Nonsyndromic paraganglioma (nonsyndromic paraganglioma) - Genes VHL, RET, SDHB, SDHD, TMEM127, SDHA, and KIF1B.
Paraganglioma is a benign tumor that develops in Paraganglia. Paragangliomas are usually found on the head, neck or back. However, a type of paraganglioma known as pheochromocytoma develops in the adrenal glands. Most people with paraganglioma develop only a tumor in his life. Some people develop a paraganglioma or pheochromocytoma as part of an inherited syndrome that can affect other organs and tissues in the body. However, these tumors often are not associated with any syndrome, in which case the alteration is called non - syndromic paraganglioma or pheochromocytoma.
Other pheochromocytomas and paragangliomas are associated with sympathetic ganglia nervous system. While most sympathetic paragangliomas are pheochromocytomas, some are outside the adrenal glands, usually in the abdomen, and are called extra - adrenal paraganglioma. Sympathetic paragangliomas, pheochromocytomas including produce catecholamines such as epinephrine or norepinephrine. This excess catecholamines cause signs and symptoms such as hypertension, palpitations, headaches, or sweating. Most paragangliomas are associated with the nodes of the parasympathetic nervous system that controls involuntary bodily functions such as digestion and saliva formation. Parasympathetic paragangliomas, which are usually located in the head and neck, usually do not produce hormones. However, large tumors may cause signs and symptoms such as cough, loss of hearing in one ear, or difficulty swallowing.
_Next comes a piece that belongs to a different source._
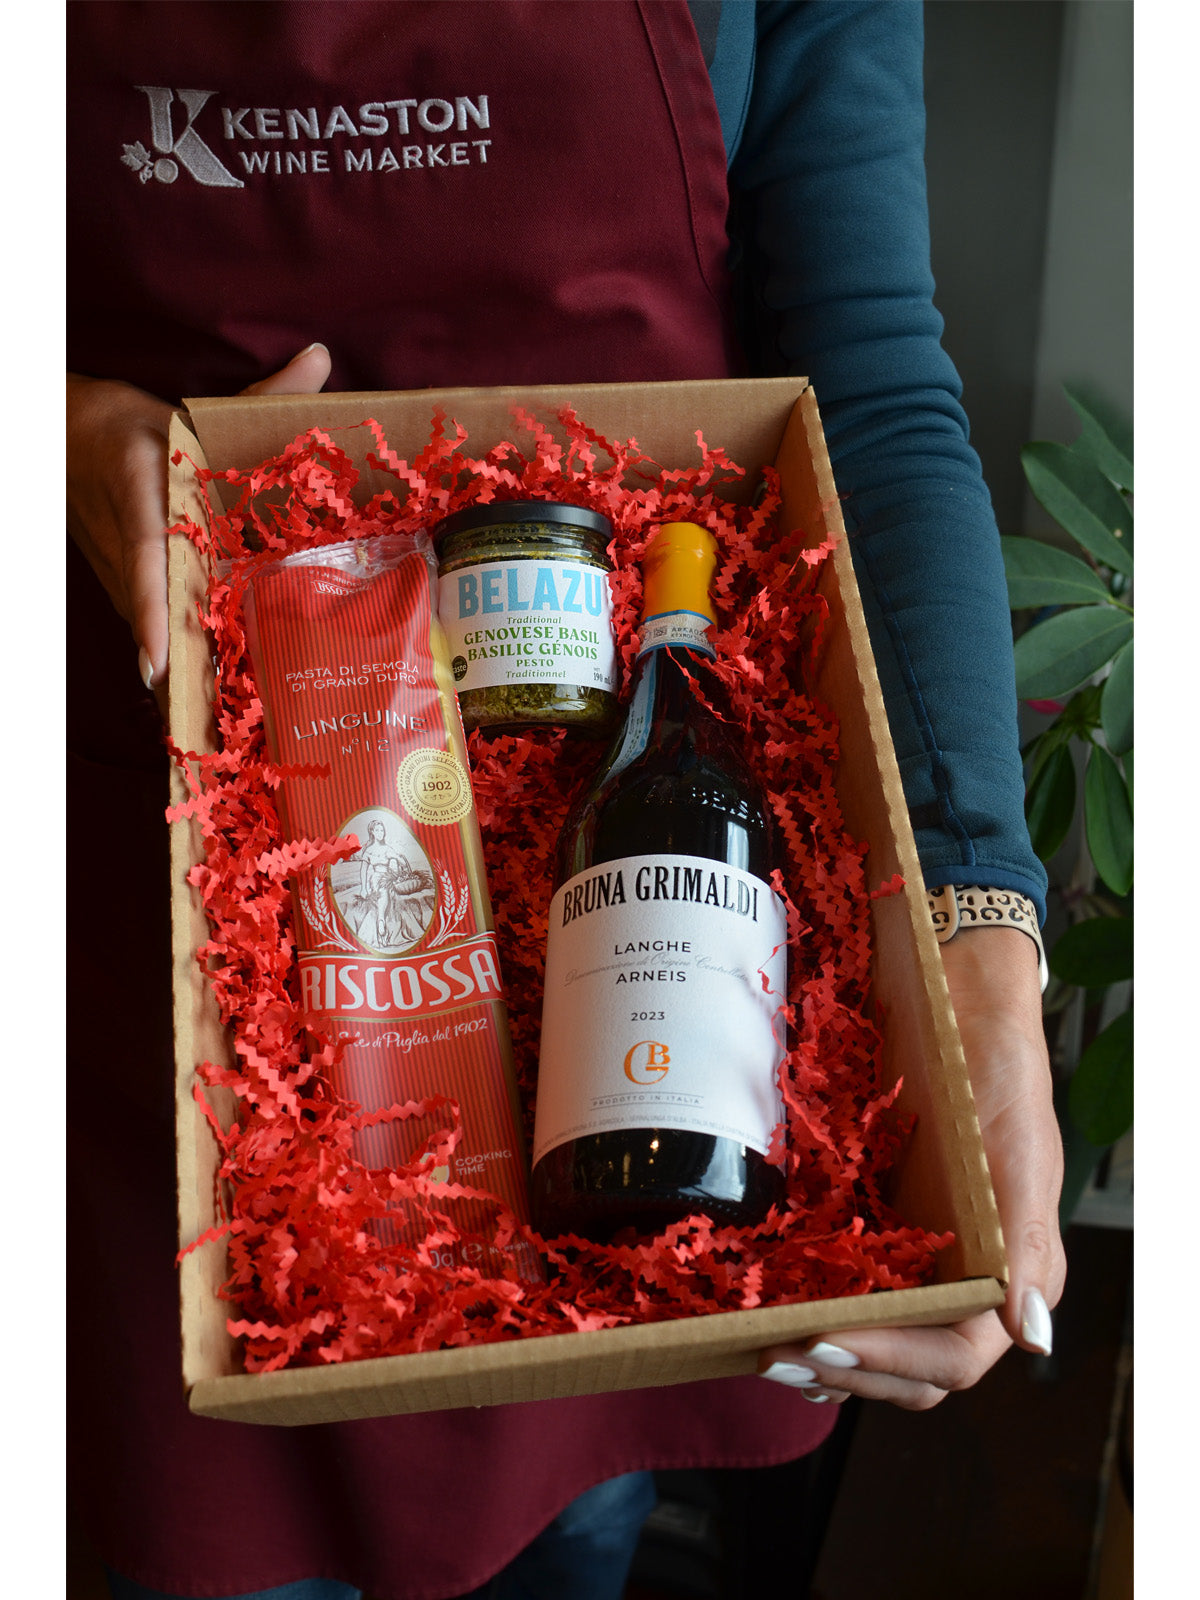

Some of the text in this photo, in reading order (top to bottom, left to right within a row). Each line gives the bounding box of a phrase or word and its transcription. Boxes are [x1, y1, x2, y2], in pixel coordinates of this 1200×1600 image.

Although most paragangliomas and pheochromocytomas are benign, but some may become malignant and metastasize. The extra-adrenal paraganglioma become malignant more often than other types of paraganglioma or pheochromocytoma.
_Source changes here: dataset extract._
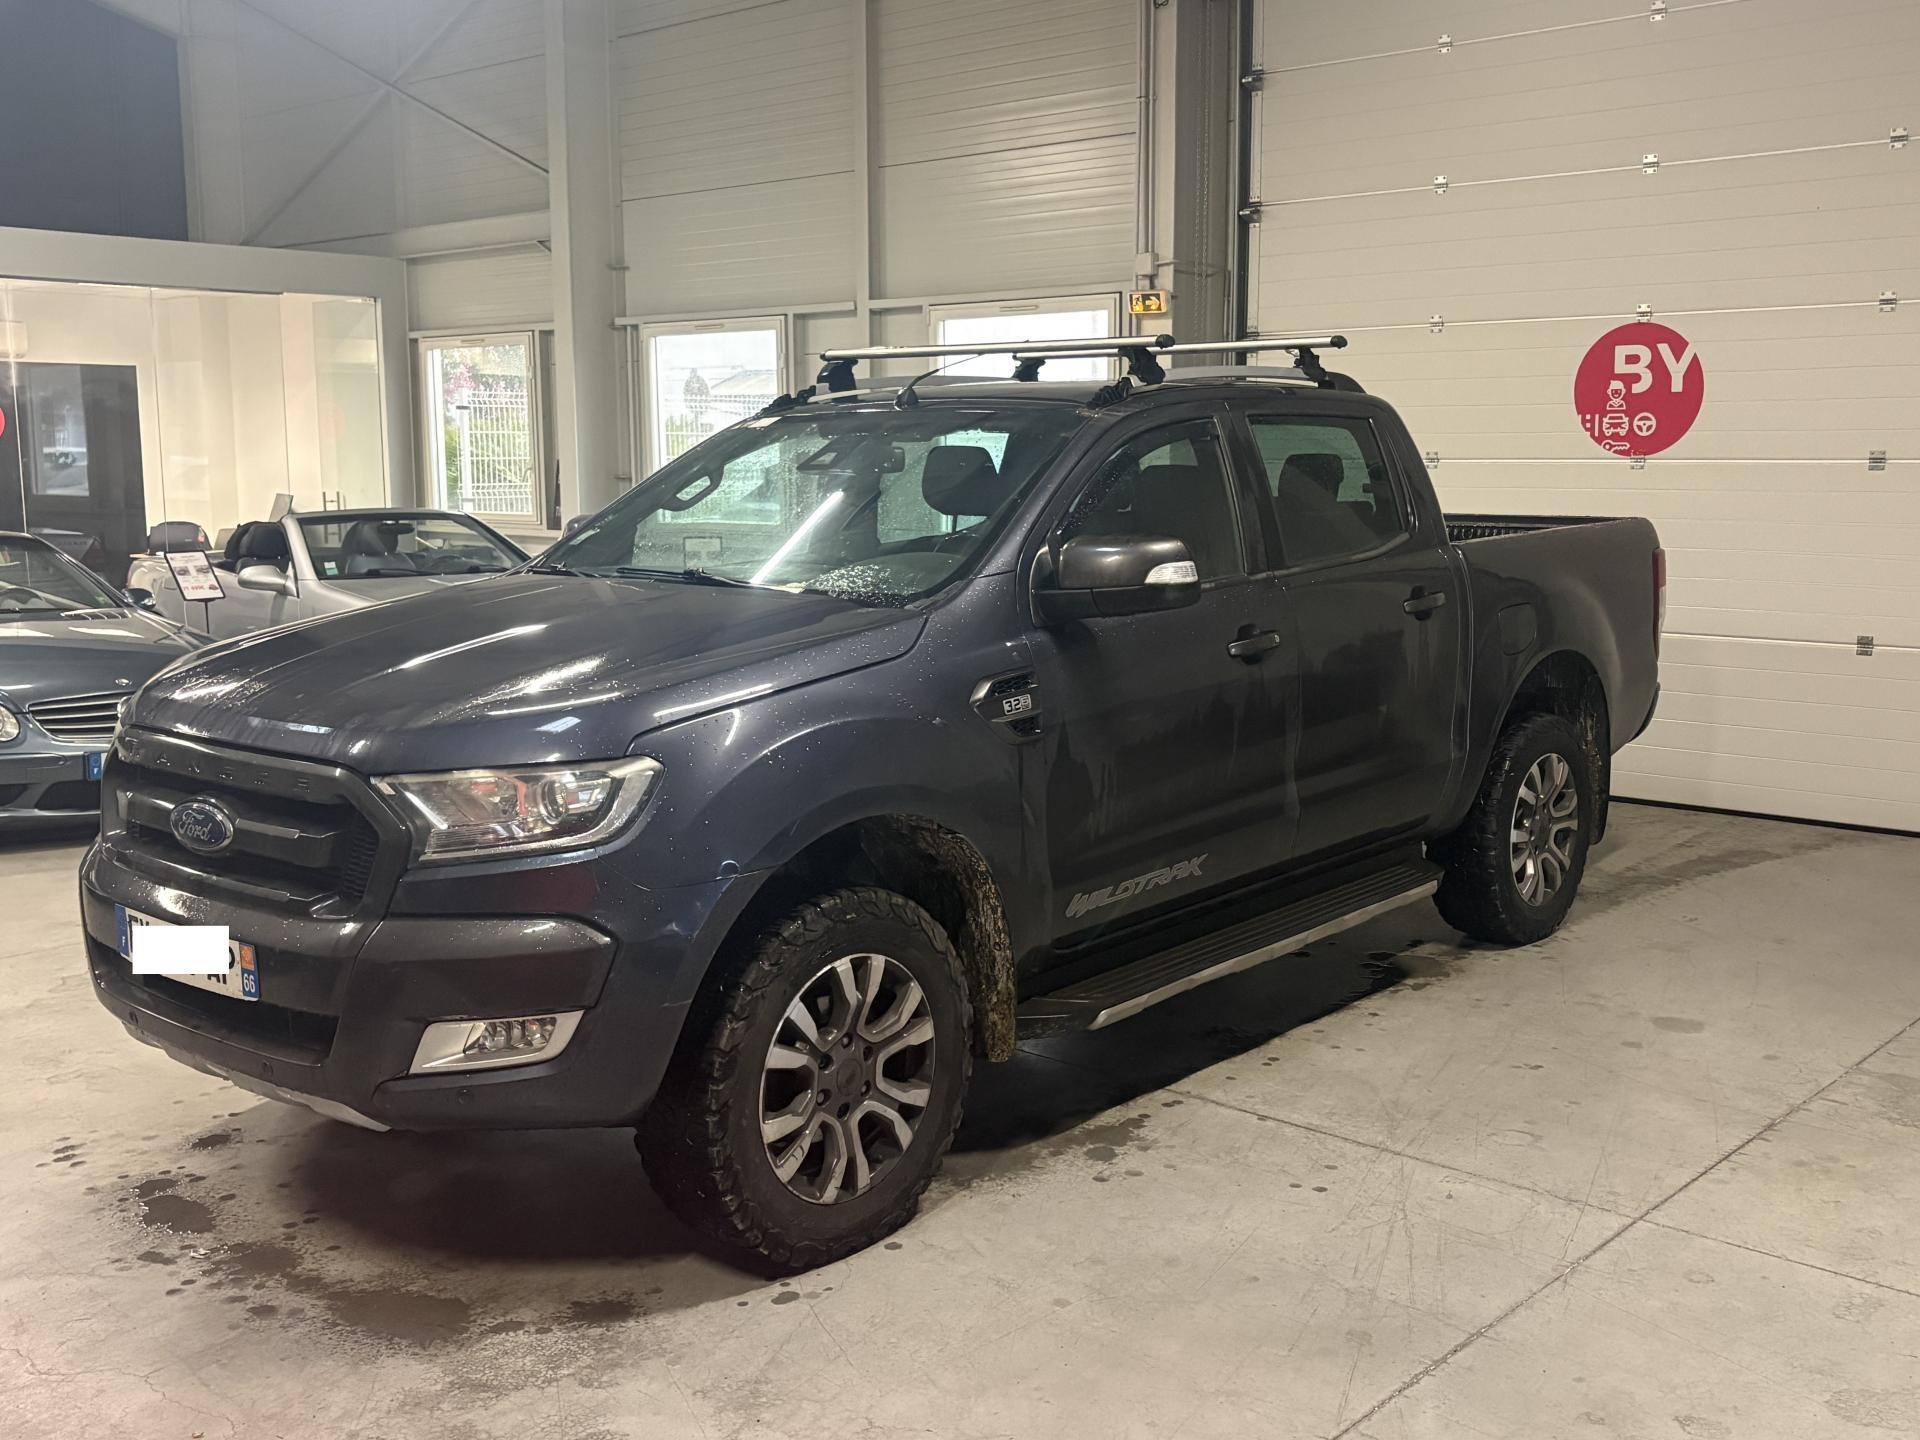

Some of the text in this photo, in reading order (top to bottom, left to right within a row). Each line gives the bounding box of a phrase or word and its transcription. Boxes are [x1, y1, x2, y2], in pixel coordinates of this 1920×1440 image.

Both syndromic and non - syndromic forms of paraganglioma and pheochromocytoma are due to mutations in the VHL, RET, SDHB and SDHD genes, whereas mutations in TMEM127, SDHA, and KIF1B, gens have been identified in people with non - syndromic form . Genetic mutations increase the risk of developing paraganglioma or pheochromocytoma to affect control of growth and cell division.
The KIF1B gene, located on the short arm of chromosome 1 (1p36.2) is a tumor suppressor gene encoding a protein called kinesin 1B, part of the family of kinesins proteins. These proteins are essential for transporting material within cells. In addition to their transport functions, 1B kinesin protein appears to be involved in apoptosis. They described so far 6 missense mutations and a larger deletion in gene KIF1B. These mutations have been identified in individuals with type called pheochromocytoma paraganglioma. Pheochromocytomas specifically affect the adrenal glands. These tumors often cause no symptoms, but in some cases can produce excess hormones that cause an excessively high blood pressure. The KIF1B gene mutations are associated with nonsyndromic pheochromocytoma, meaning that the tumors occur without additional features of a hereditary syndrome. It is believed that mutations in the gene can alter KIF1B apoptosis, allowing the cells to grow and divide too fast or in an uncontrolled and potentially lead to tumor formation.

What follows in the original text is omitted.